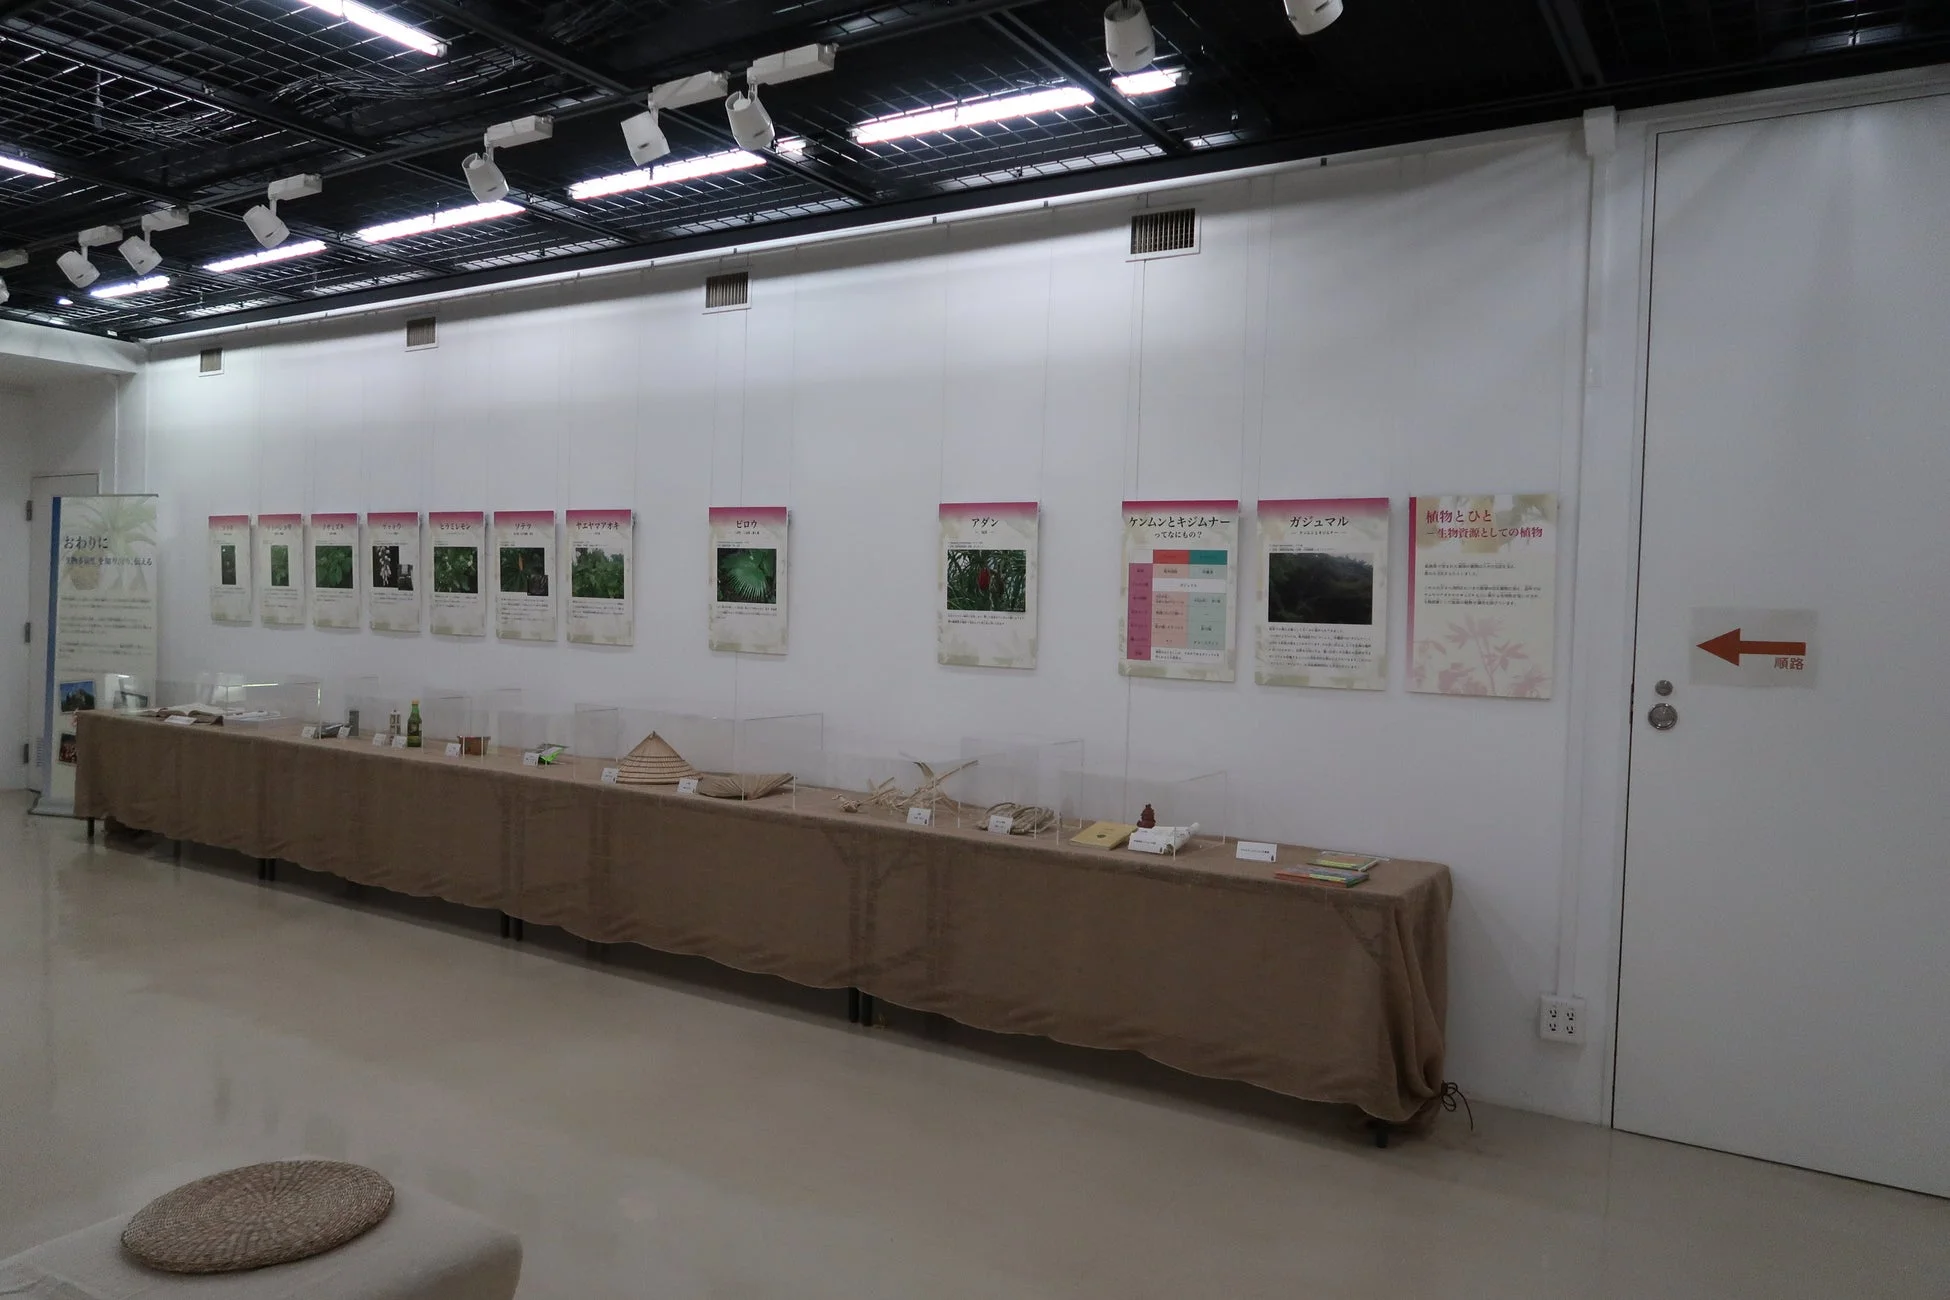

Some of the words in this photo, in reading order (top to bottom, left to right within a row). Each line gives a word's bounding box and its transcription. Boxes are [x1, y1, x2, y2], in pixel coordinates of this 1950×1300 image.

[971, 516, 1000, 528] アダン
[1128, 516, 1231, 529] ケンムンとキジムナー
[1289, 515, 1349, 528] ガジュマル
[1426, 510, 1493, 524] 植物とひと
[64, 535, 109, 550] おわりに
[1773, 657, 1804, 670] 順路
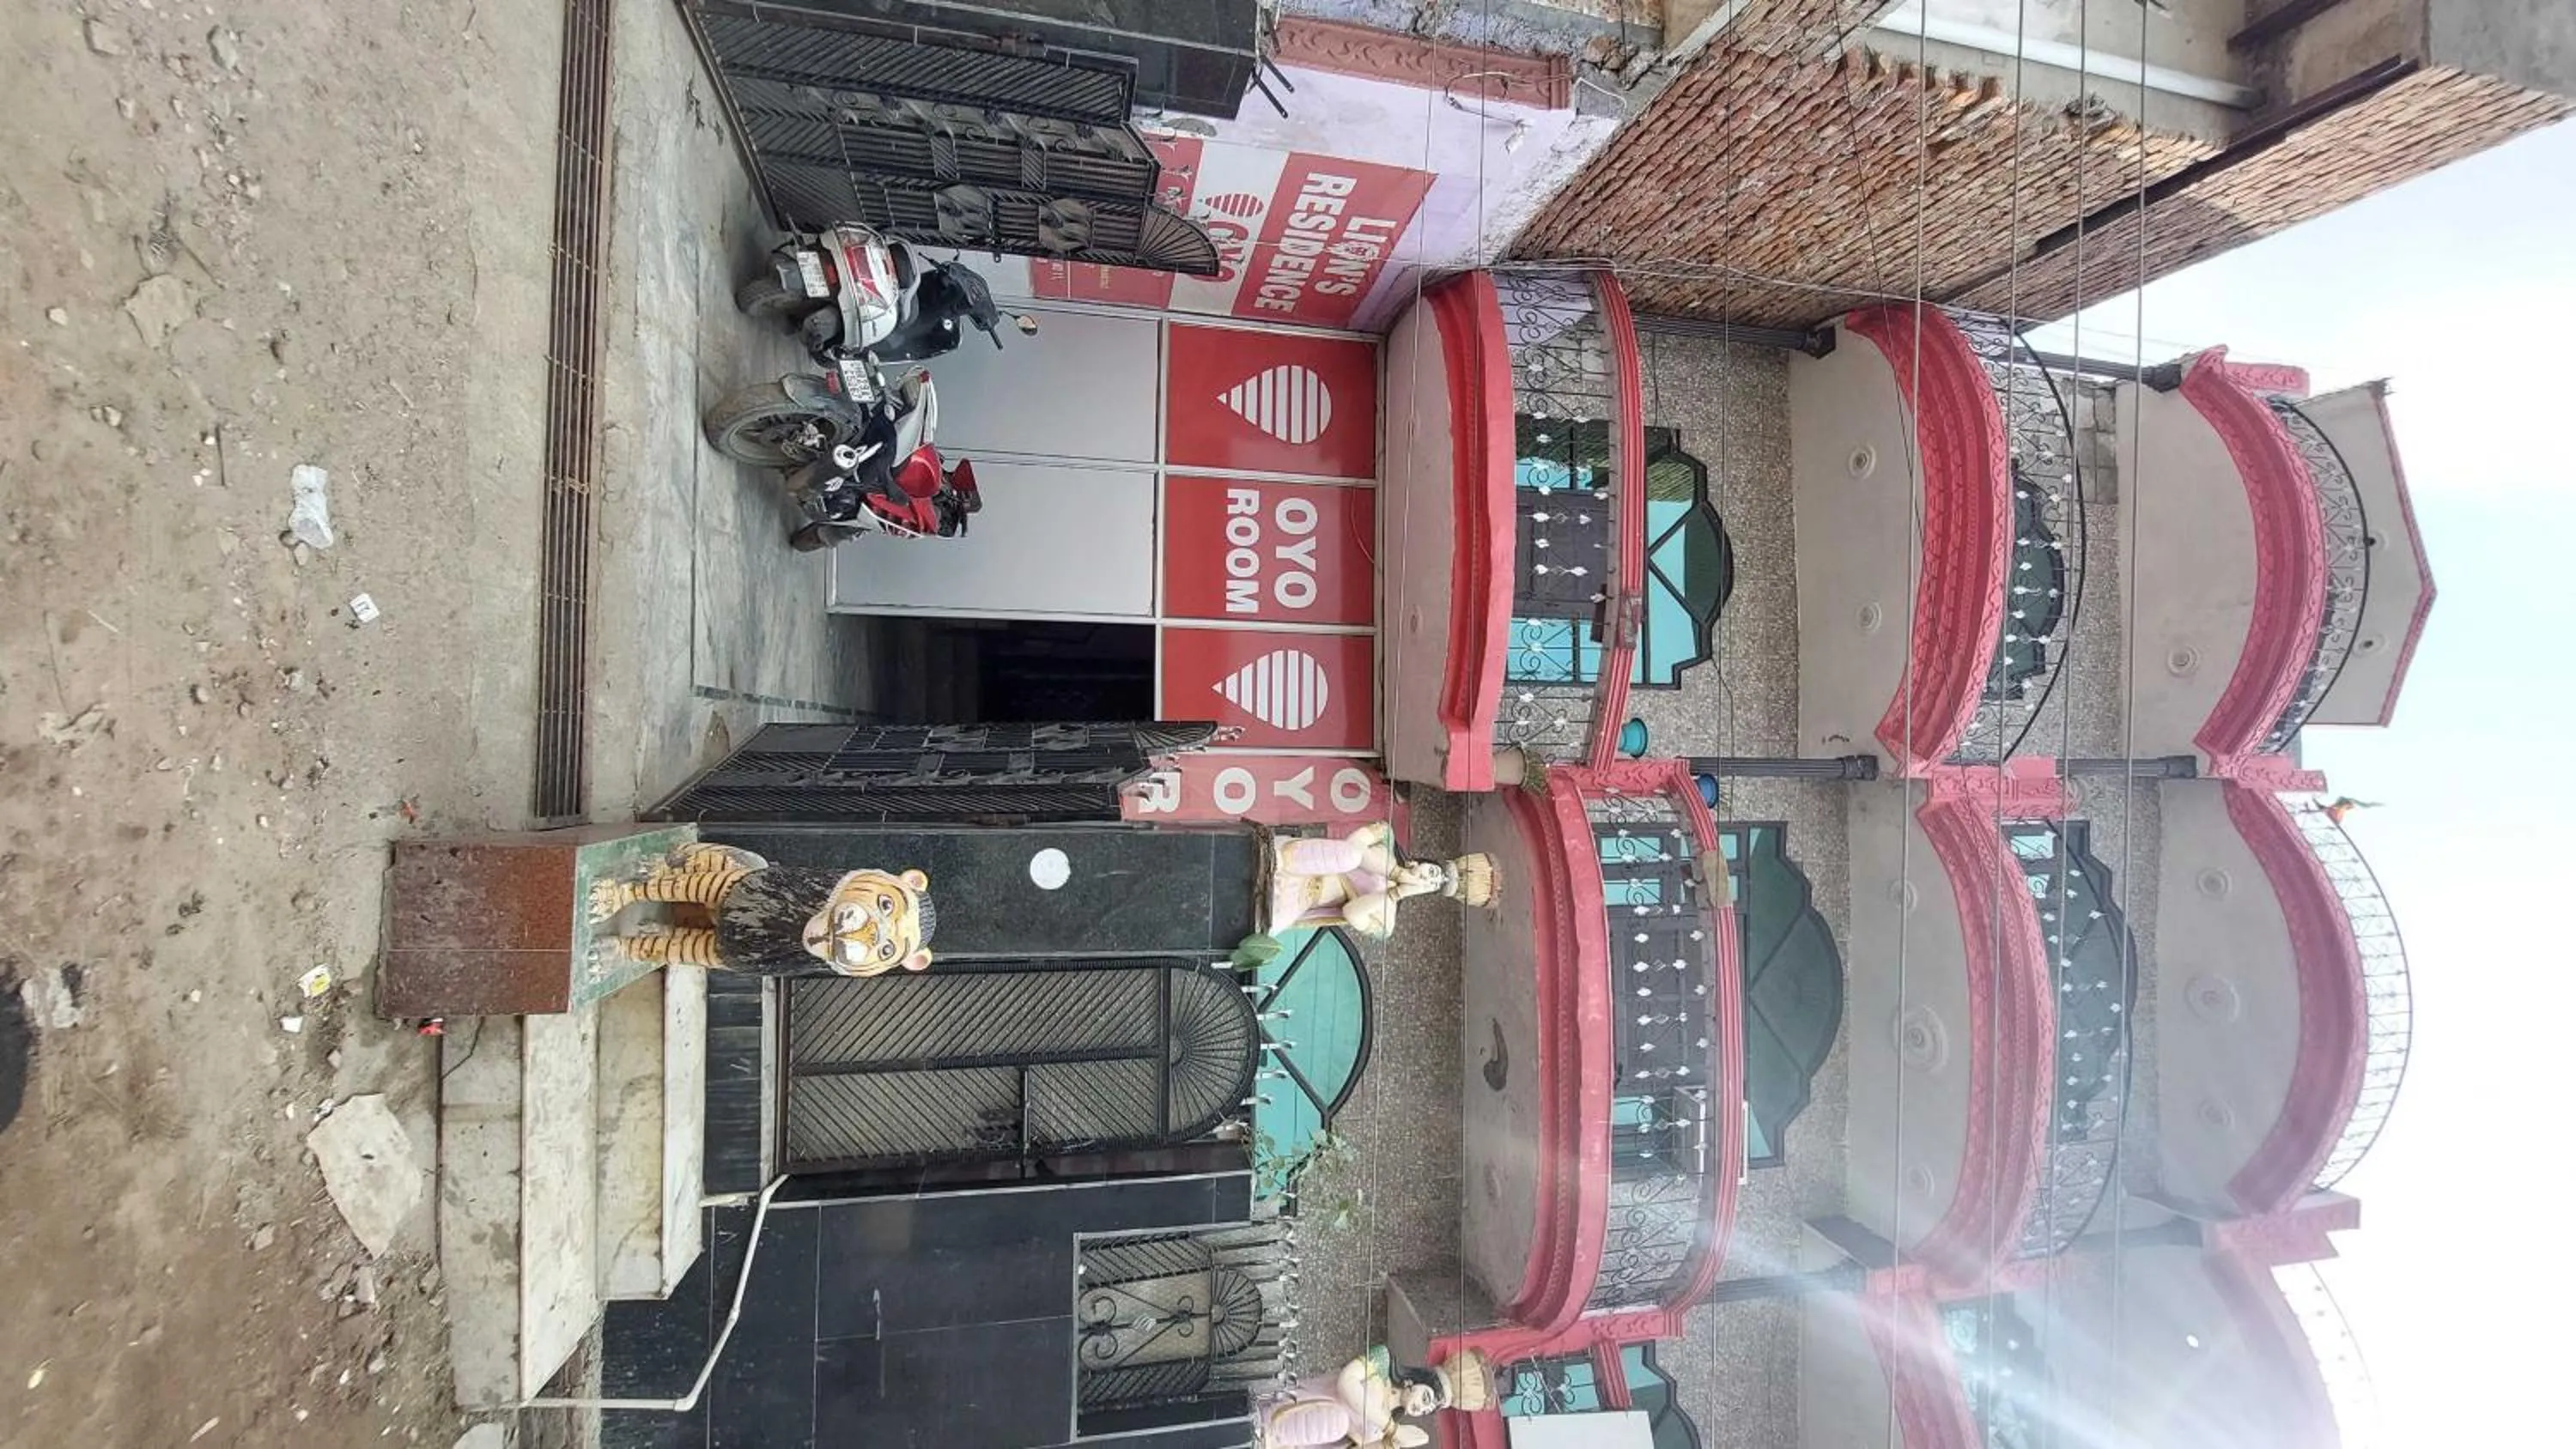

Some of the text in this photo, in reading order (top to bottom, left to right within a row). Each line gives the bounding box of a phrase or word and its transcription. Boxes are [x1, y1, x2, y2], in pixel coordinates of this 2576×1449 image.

....

* Problem to work on: Your copy of the data above should match it exactly, apart from the images.

* Solved exercise:
Some of the words in this photo, in reading order (top to bottom, left to right within a row). Each line gives a word's bounding box and its transcription. Boxes are [x1, y1, x2, y2], in pixel coordinates of this 1950×1300 image.

[971, 516, 1000, 528] アダン
[1128, 516, 1231, 529] ケンムンとキジムナー
[1289, 515, 1349, 528] ガジュマル
[1426, 510, 1493, 524] 植物とひと
[64, 535, 109, 550] おわりに
[1773, 657, 1804, 670] 順路

Some of the text in this photo, in reading order (top to bottom, left to right within a row). Each line gives the bounding box of a phrase or word and its transcription. Boxes are [x1, y1, x2, y2], in pixel coordinates of this 2576×1449 image.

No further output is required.